Сегодня утром солнце ненадолго задерживается на пыльных перьях чучела птицы, на увядающих кактусах и фикусах, этих комнатных заключенных, опускается на недолговечные имена, обходит создание, щебечущее на северной стороне. Отсчитывает.
И по всей стене растягивает твое мощное спиритическое лицо, у меня, у старика, воры выкрали быка, Кайзер ты мой в разных изводах, плоский, как фреска, или горящие обои, раскатанный вроде теста, что поднимается из дыры, как новый мир.

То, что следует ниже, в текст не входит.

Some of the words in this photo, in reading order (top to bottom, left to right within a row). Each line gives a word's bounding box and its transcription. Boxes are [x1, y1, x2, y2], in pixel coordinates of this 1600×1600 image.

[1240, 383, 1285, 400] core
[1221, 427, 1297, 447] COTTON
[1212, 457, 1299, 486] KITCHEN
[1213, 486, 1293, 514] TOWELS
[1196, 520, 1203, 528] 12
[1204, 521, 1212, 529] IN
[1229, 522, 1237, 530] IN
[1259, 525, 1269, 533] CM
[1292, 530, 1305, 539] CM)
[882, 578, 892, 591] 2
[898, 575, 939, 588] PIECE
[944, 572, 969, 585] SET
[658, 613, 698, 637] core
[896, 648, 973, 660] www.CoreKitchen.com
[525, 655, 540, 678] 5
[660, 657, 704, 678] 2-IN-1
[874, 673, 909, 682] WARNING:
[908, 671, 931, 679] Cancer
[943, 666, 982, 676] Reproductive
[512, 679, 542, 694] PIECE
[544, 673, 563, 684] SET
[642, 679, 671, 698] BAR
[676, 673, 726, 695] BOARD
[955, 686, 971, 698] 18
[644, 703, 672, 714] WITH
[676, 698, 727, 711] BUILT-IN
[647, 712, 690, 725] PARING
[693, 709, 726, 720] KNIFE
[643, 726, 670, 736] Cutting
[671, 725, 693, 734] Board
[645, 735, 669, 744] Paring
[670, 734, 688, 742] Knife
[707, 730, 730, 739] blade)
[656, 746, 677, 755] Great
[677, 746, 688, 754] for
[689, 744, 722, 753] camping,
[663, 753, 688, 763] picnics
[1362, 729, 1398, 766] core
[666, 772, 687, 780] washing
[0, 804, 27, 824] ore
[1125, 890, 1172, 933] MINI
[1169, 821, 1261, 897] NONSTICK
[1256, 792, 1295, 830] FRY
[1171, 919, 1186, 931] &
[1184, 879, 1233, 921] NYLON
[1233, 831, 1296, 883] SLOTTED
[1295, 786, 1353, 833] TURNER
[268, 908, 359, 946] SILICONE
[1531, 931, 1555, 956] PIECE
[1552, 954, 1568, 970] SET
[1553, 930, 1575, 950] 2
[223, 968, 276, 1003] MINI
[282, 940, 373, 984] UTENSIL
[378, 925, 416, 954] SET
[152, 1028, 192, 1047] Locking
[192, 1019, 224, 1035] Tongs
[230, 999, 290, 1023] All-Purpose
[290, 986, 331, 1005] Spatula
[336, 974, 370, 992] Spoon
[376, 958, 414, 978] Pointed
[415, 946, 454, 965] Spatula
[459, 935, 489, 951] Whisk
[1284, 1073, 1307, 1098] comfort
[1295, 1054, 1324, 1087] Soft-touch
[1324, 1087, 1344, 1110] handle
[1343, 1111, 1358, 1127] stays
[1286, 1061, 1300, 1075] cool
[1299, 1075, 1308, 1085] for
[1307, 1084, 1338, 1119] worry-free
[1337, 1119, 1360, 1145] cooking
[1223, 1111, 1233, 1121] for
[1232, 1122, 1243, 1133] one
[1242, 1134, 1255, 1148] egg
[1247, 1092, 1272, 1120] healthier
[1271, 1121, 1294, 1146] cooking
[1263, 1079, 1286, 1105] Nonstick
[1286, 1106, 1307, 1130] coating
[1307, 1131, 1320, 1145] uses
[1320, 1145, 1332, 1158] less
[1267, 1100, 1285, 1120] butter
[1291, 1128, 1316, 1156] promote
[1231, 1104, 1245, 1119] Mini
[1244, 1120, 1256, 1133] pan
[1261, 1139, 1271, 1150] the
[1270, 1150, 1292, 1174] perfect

И нам не оставалось ничего иного, господин начальник, кроме как оцепенеть, когда с неба падали облака, превратившиеся в грязный картофель, и бесконечно опускался дымный театральный занавес.
Часть вторая
ЯЧМЕНЬ НА ГЛАЗУ
Мы внизу, облака — наверху?! Я заявлял, что так начну рассказ? Вы, должно быть, шутите! Я обещал это по никчемным харчевням и замызганным пивным? Засуньте это вот этому коту под хвост. Кто это, мне очень интересно, подхватывал на лету все, что я ляпнул после полуночи, каждое мое слово, вытянутое из меня кабацкой рванью? Может, вы? Или какой-нибудь ангел-бездельник, склонный к рюмке и мистификациям? Я не страдаю такими низменными, темными морскими депрессиями, чтобы выдумать нечто настолько мелкое. Потому как, что это вообще значит? Мы внизу, облака — наверху. Солнце остывает, вода высыхает, души умирают…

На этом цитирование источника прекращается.